INSTRUCTIONS FOR THE TASK:
Set out the records below again exactly; skip the images.

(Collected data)
= Beginning of Section =

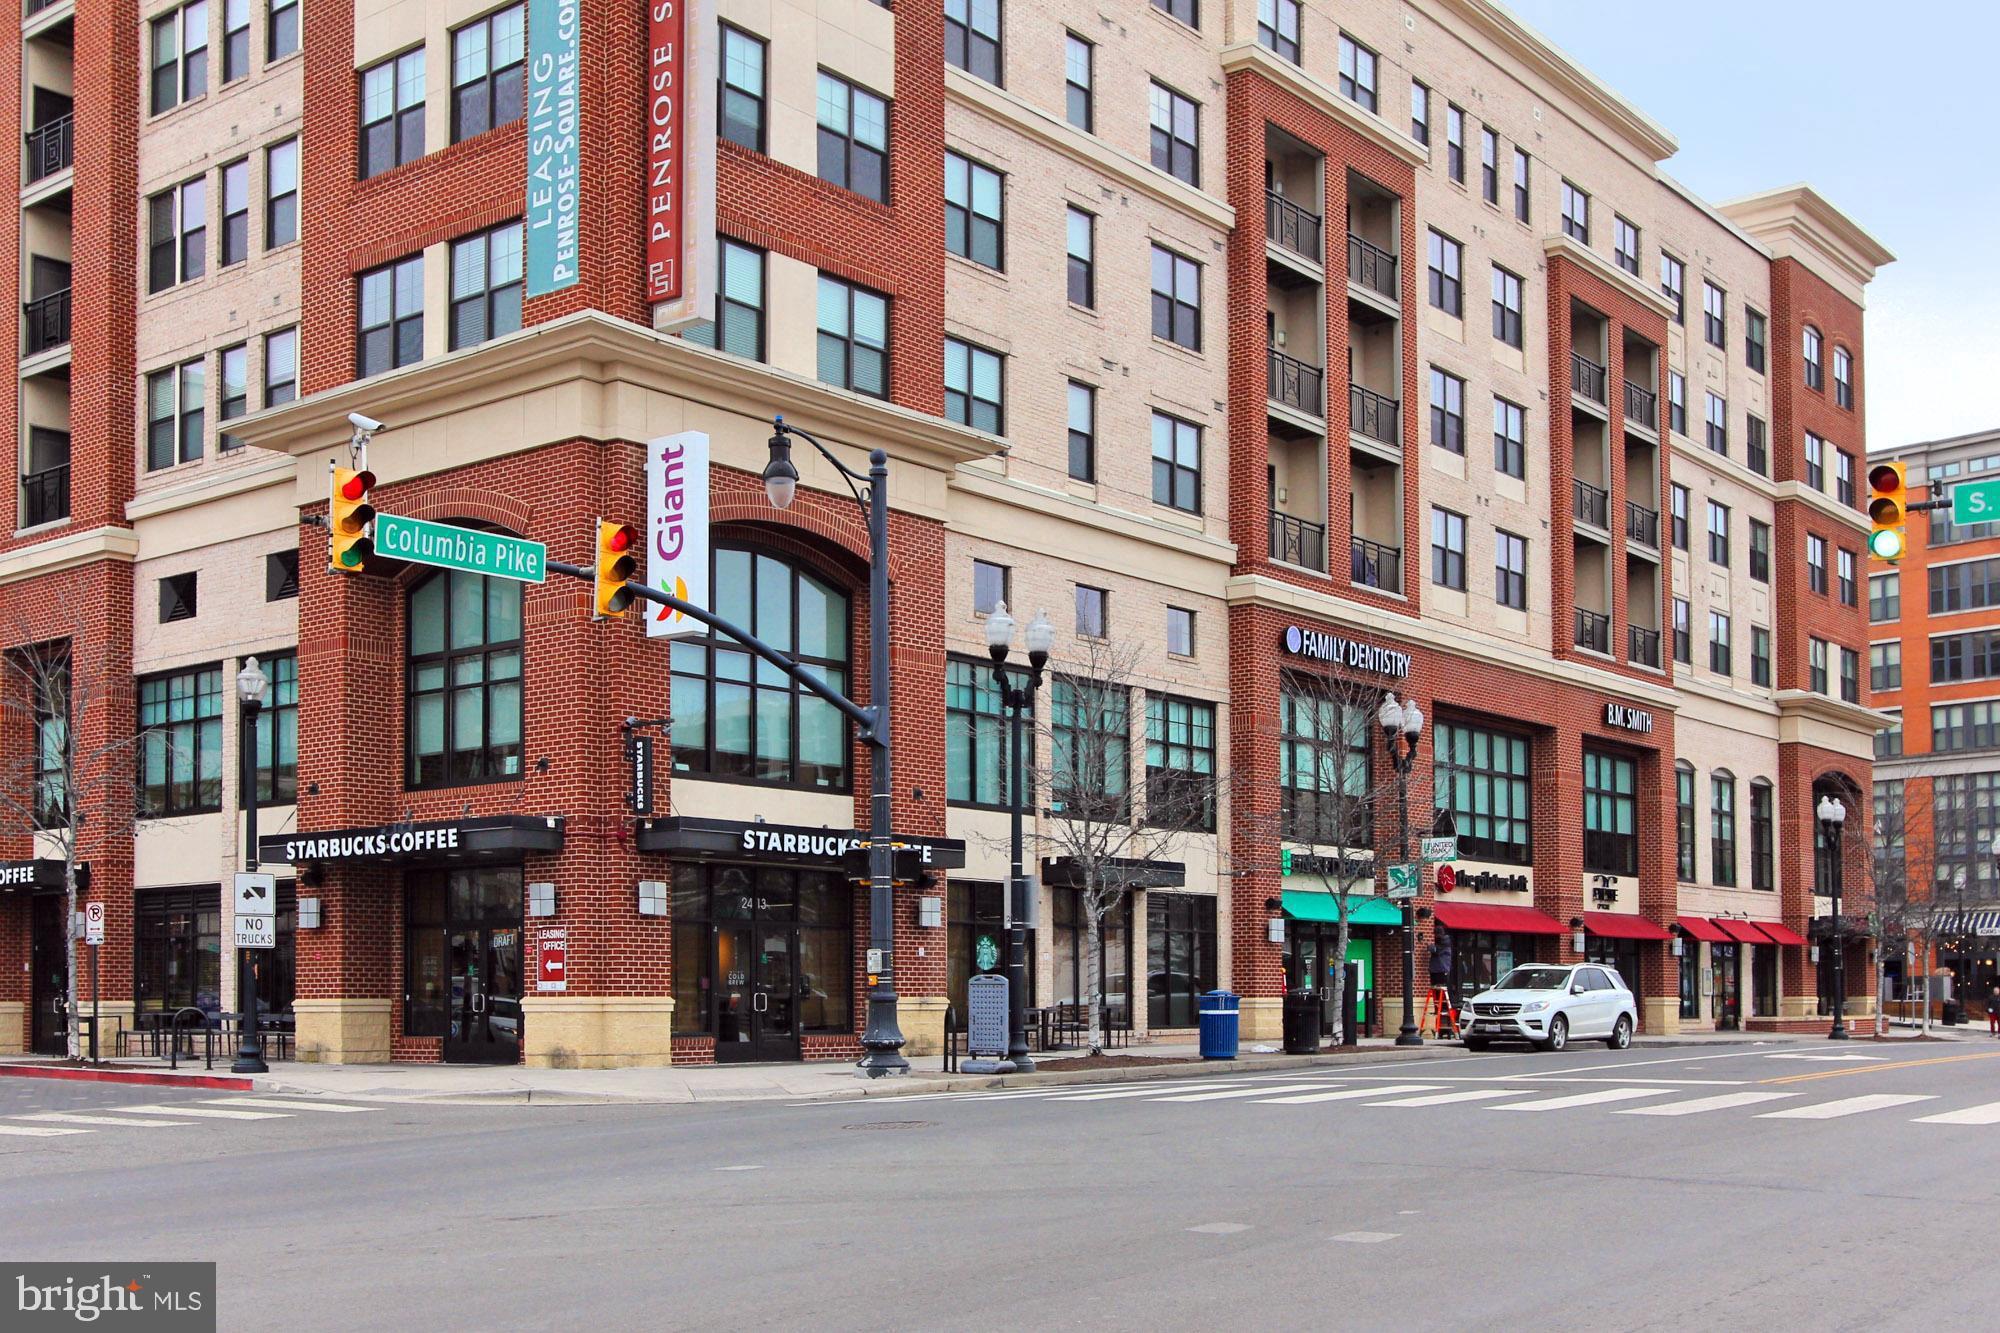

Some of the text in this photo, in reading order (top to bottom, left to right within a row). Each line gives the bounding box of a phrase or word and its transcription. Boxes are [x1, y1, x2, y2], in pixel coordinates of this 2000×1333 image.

[533, 53, 553, 229] LEASING
[652, 42, 673, 243] PENROSE
[656, 443, 684, 561] Giant
[1968, 491, 1993, 513] S.
[385, 523, 538, 574] Columbia Pike
[1303, 629, 1411, 678] FAMILY DENTISTRY
[1608, 703, 1653, 733] B.M. SMITH
[636, 741, 645, 809] STARBUCKS
[286, 828, 459, 860] STARBUCKS COFFEE
[236, 933, 273, 944] TRUCKS
[246, 918, 263, 930] NO
[539, 930, 564, 939] LEASING
[493, 934, 514, 948] DRAFT
[543, 941, 564, 951] OFFICE
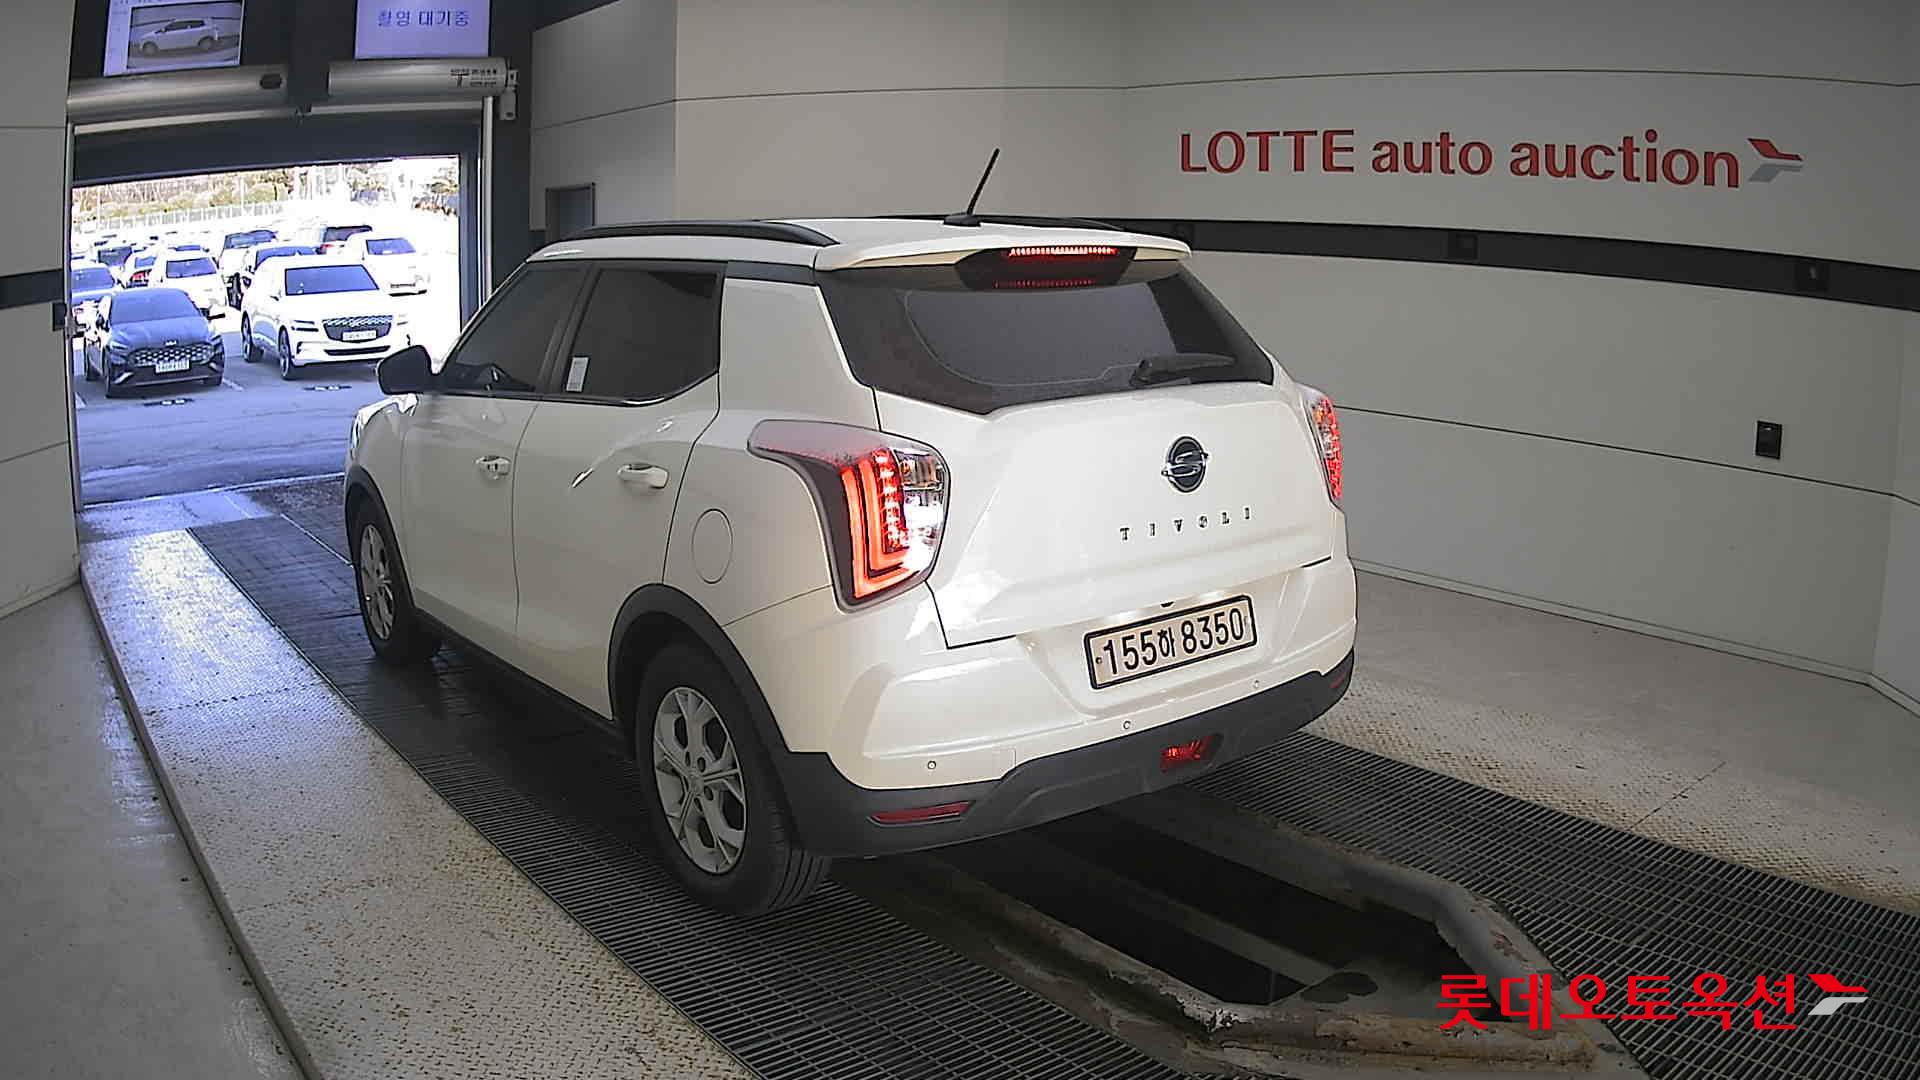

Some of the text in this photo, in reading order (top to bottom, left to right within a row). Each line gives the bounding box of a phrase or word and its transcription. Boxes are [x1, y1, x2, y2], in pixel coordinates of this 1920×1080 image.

[418, 9, 468, 27] 대기중
[1180, 129, 1740, 189] LOTTE auto auction
[1119, 506, 1252, 541] TIVOLI
[1103, 607, 1246, 675] 155하 8350

= End of Section =

TASK RESPONSE:
Some of the text in this photo, in reading order (top to bottom, left to right within a row). Each line gives the bounding box of a phrase or word and its transcription. Boxes are [x1, y1, x2, y2], in pixel coordinates of this 2000×1333 image.

[533, 53, 553, 229] LEASING
[652, 42, 673, 243] PENROSE
[656, 443, 684, 561] Giant
[1968, 491, 1993, 513] S.
[385, 523, 538, 574] Columbia Pike
[1303, 629, 1411, 678] FAMILY DENTISTRY
[1608, 703, 1653, 733] B.M. SMITH
[636, 741, 645, 809] STARBUCKS
[286, 828, 459, 860] STARBUCKS COFFEE
[236, 933, 273, 944] TRUCKS
[246, 918, 263, 930] NO
[539, 930, 564, 939] LEASING
[493, 934, 514, 948] DRAFT
[543, 941, 564, 951] OFFICE

Some of the text in this photo, in reading order (top to bottom, left to right within a row). Each line gives the bounding box of a phrase or word and its transcription. Boxes are [x1, y1, x2, y2], in pixel coordinates of this 1920×1080 image.

[418, 9, 468, 27] 대기중
[1180, 129, 1740, 189] LOTTE auto auction
[1119, 506, 1252, 541] TIVOLI
[1103, 607, 1246, 675] 155하 8350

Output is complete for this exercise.